Вокруг зазвучали голоса.
– Накачка?
– 70 %… 80 %… Норма.
– Завершение цикла. Поправка шесть.
– Цель уходит.
– Подстройка…
– Расширение в норме.
– Импульс!
Площадку накрыл свист, переходящий в шелест, словно с огромного дерева вместе с листьями ветер сдул десяток змей и вдалеке вспыхнули два огонька. Несколько секунд все молчали и только когда кто-то из военных, не отрываясь от стереотрубы, сказал:
– Уничтожение! Поздравляю, товарищи!
Люди бросились обниматься, и Дёготь позавидовал им.
На площадке все смешалось и вдруг – выстрел…
Еще выстрел!
Вскочив, он увидел как один из «синих халатов» бежит прочь, расталкивая других. Никто еще ничего не понял. Люди растерянно оглядывались, но тут установка вздрогнула и обрушилась внутрь себя. Проволочная сеть заходила волнами и со звонким протяжным звуком стала рваться.
Дзинь… Дзинь… Дзинь…
Только теперь все поняли что происходит.
Наперерез беглецу бросились сразу два синих халата, но тот отбросил одного, сбил с ног другого и юркнул в лабиринт ящиков.
– Там он! Там!
Военные, кто с винтовкой, кто с наганом, обступили убежище, отрезая беглецу путь к отступлению, хотя куда бежать с дирижабля?
– Выходи, гад!
«Не выйдет», – подумал Дёготь. – «Застрелится… Во всяком случае я бы застрелился…»

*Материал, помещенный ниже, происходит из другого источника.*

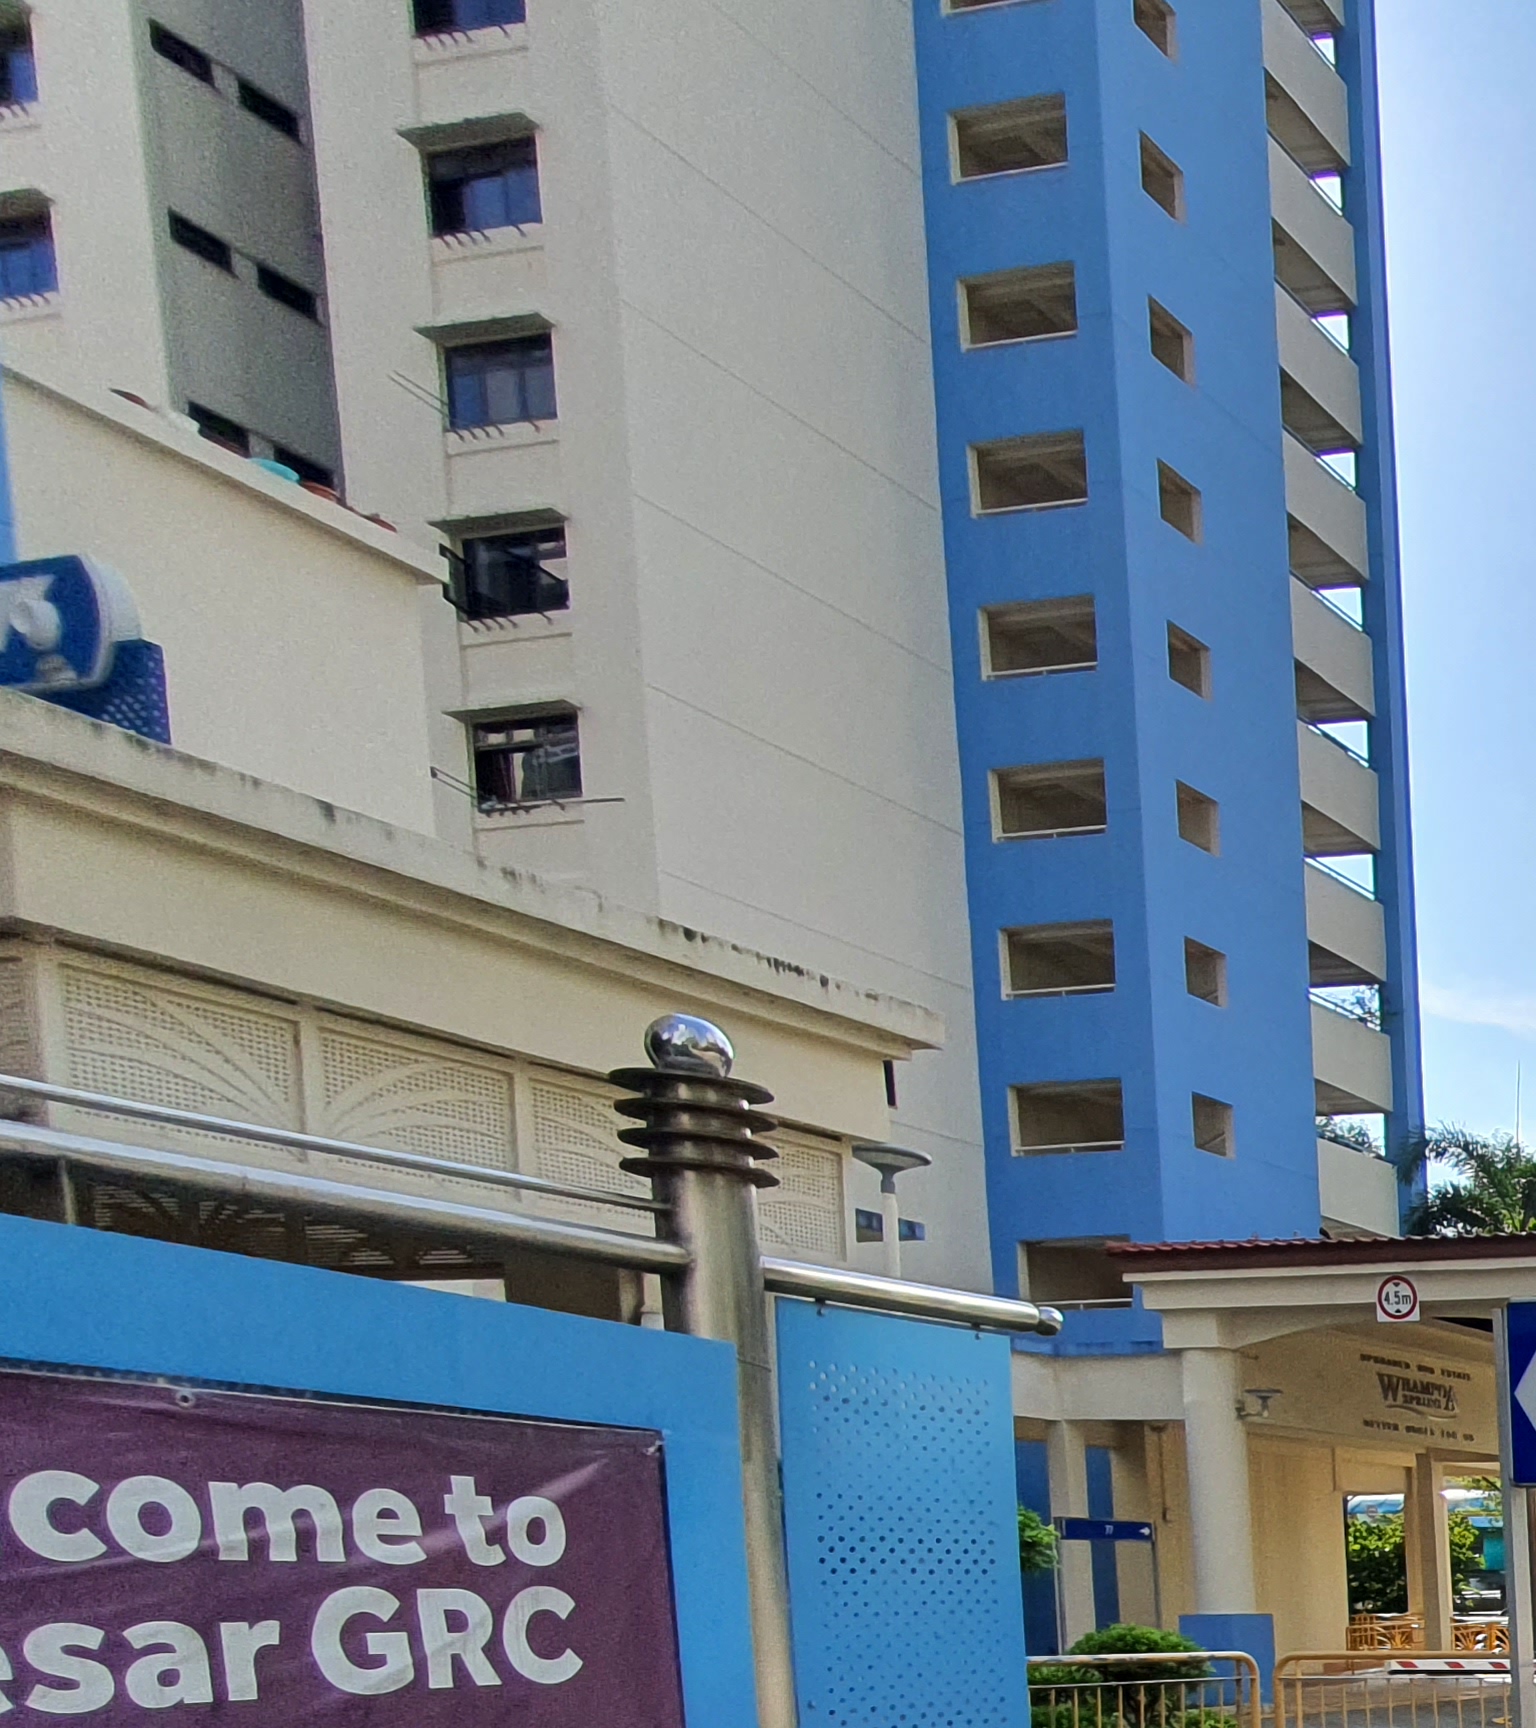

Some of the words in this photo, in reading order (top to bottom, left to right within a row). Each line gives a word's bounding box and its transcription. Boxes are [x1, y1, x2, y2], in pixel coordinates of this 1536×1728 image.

[1384, 1291, 1411, 1305] 4.5m
[444, 1475, 567, 1567] to
[0, 1619, 280, 1715] sar
[311, 1586, 583, 1695] GRC
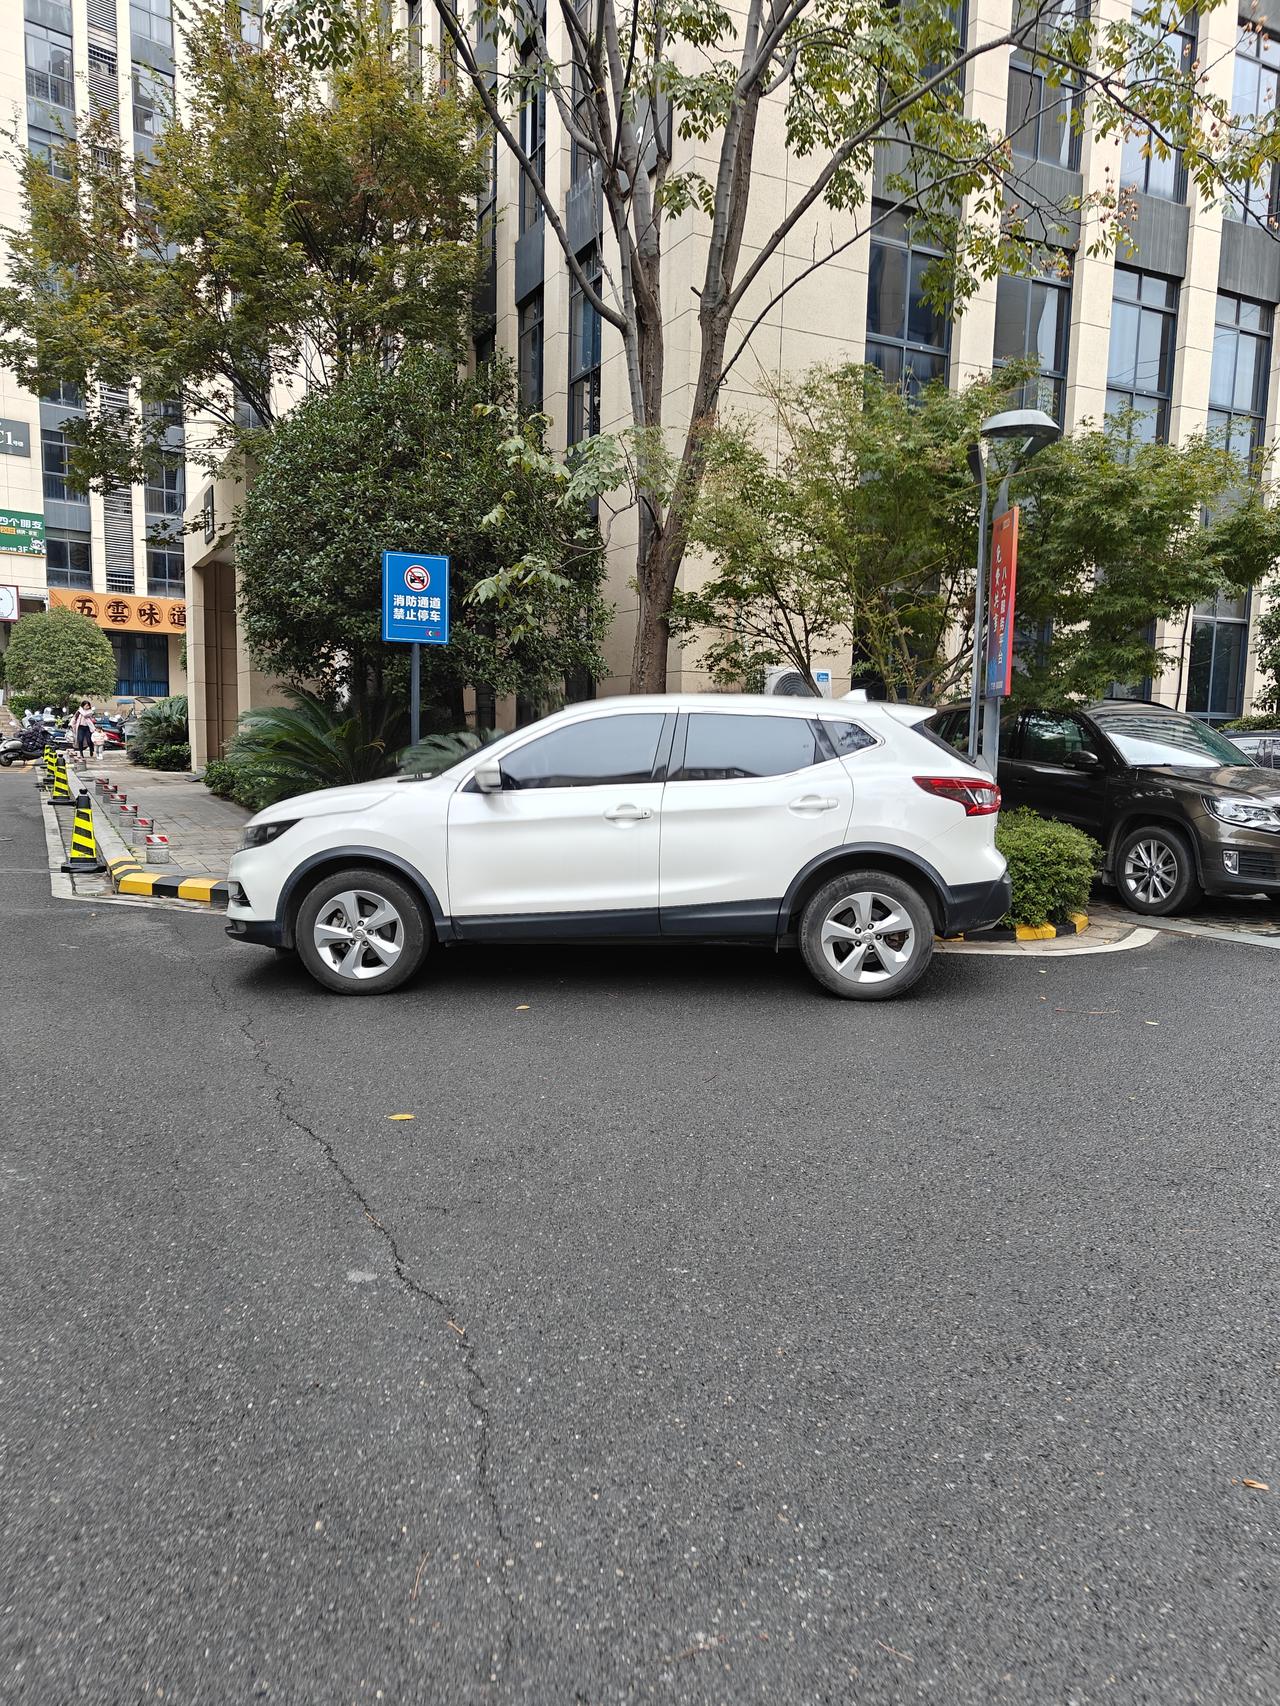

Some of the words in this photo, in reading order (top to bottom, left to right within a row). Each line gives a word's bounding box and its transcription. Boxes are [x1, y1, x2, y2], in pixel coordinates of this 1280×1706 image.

[393, 594, 441, 609] 消防通道
[75, 598, 186, 626] 五雲味道
[393, 608, 441, 622] 禁止停车
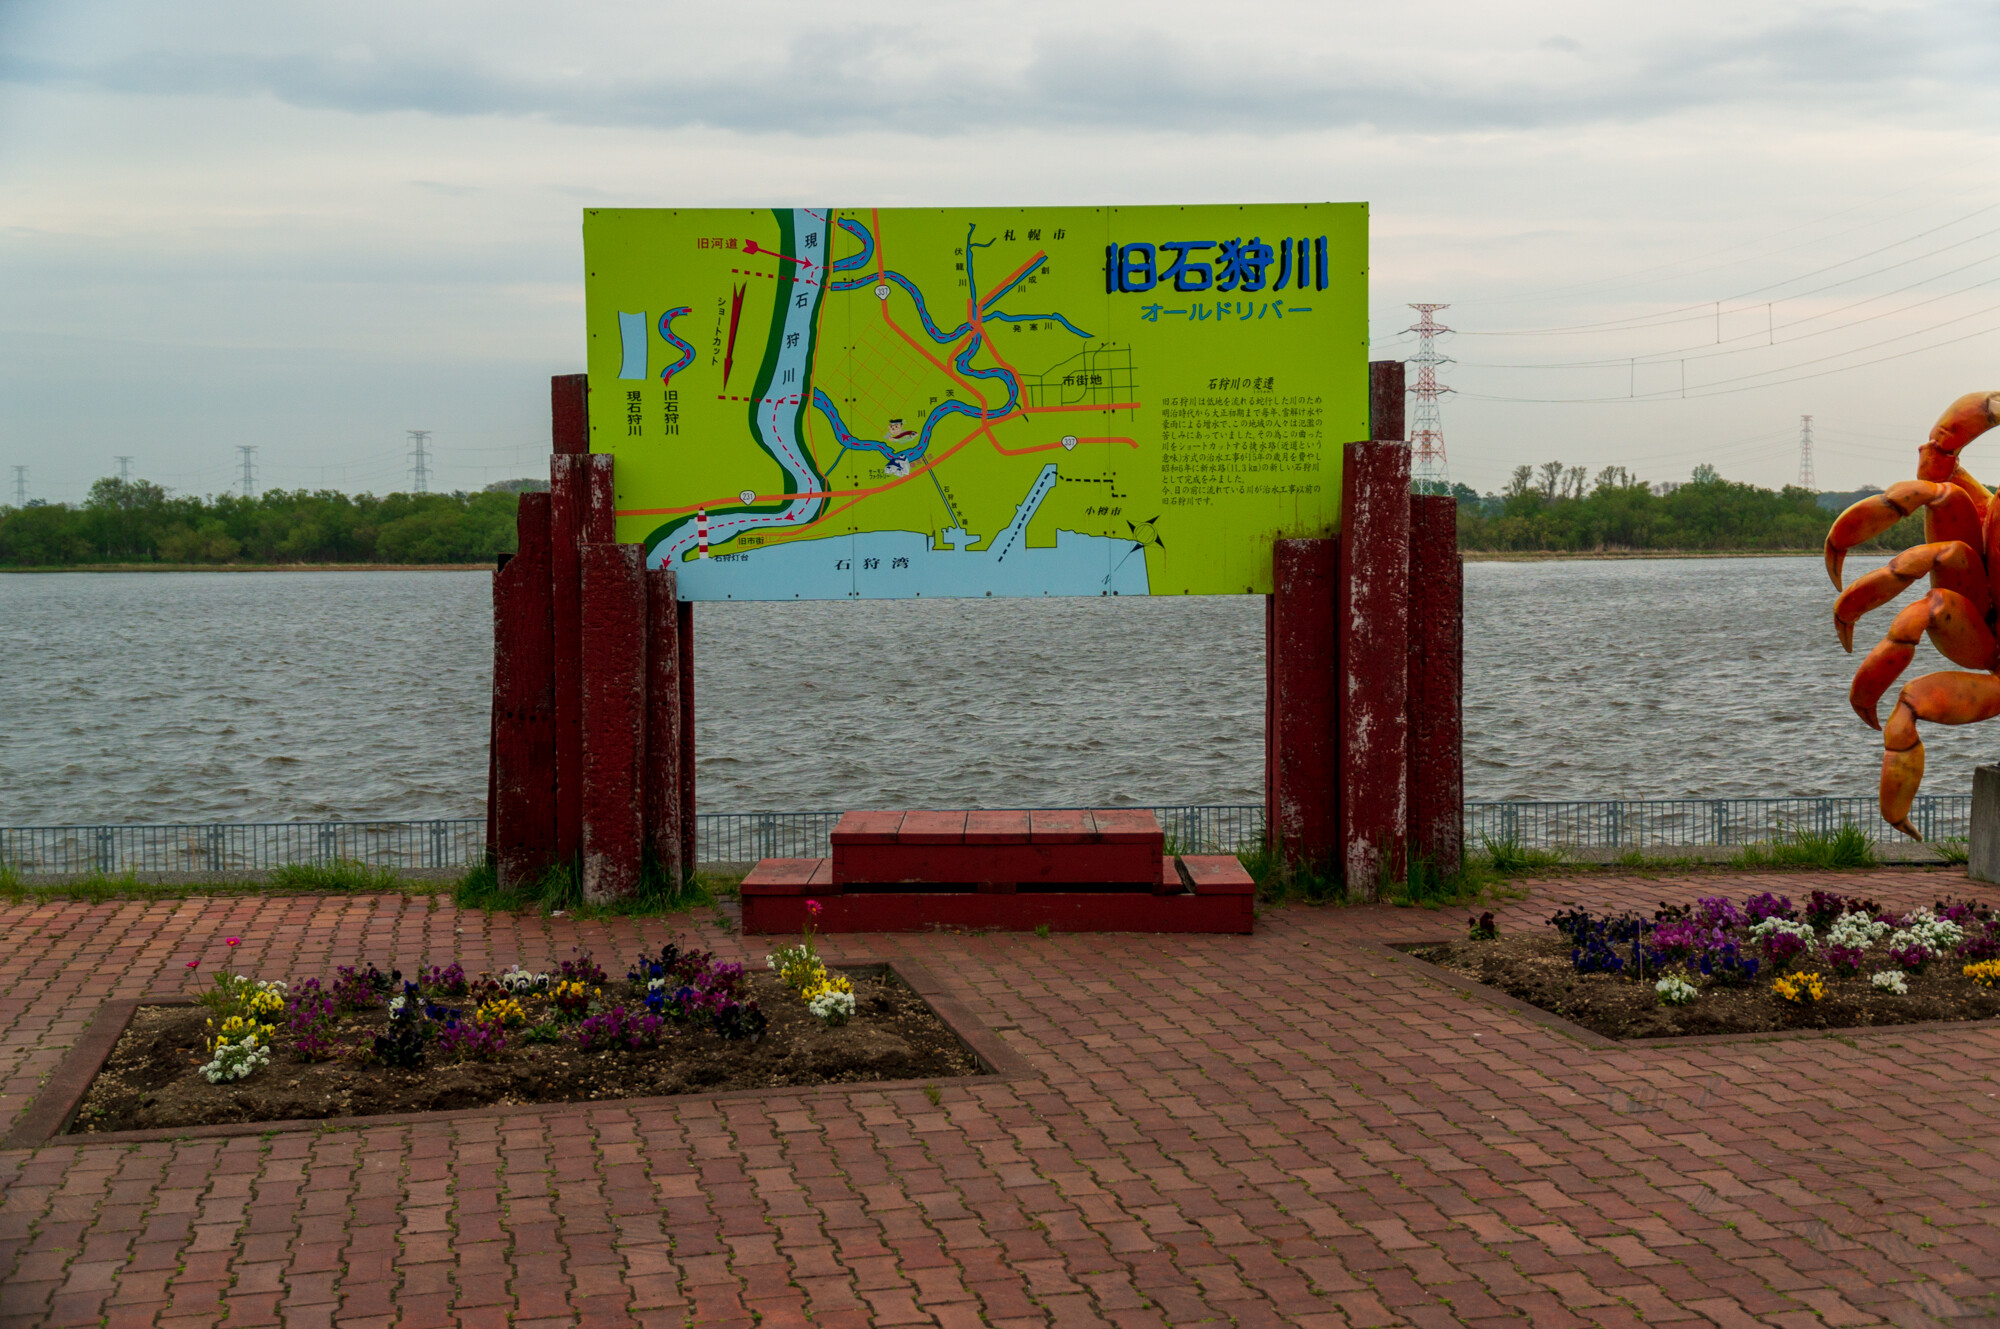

Он ждал звонкого щелчка выстрела, но вместо этого взревело так, что защищаясь от ощутимости звука, все прижали ладони к ушам. В глубине составленного из ящиков лабиринта сверкнуло, повалил дым, и тут же сами ящики покатились, рассыпаясь на ходу горящими доскам, и из кучи хлама вылетел огненный факел. Округ пахнуло таким жаром, что люди отшатнулись. Кожа на лице Дёгтя стянулась, и он представил, как скручиваются волосы на голове, превращались в обугленные пружинки. Сквозь вопли обожженных людей неслись далекие крики.
– Уйдет! Уйдет!
Вразнобой захлопали винтовочные выстрелы. Только напрасно. Веселой шутихой прокатившись по палубе, диверсант, с ящиком, из которого хлестали огненные струи, выпал за борт и там только превратил падение в полет. Торжествующе взревев, враг ушел в небо, оставив в воздухе огненный след.
Только теперь Дёготь посмотрел на профессорскую установку. На краю палубы дымились железные развалины, которые одинокие фигуры в синих халатах заливали из пенных огнетушителей.
Федосей мгновенно сопоставил крики «Уйдет, уйдет!» с летуном с огненным ящиком за спиной и в два прыжка оказался в кабине.
– Заводи! От винта!
Чем хороша военная команда для человека – командный голос выводит человека из ступора, заставляет делать привычное дело, а не охать, ахать и разводить в недоумении руками.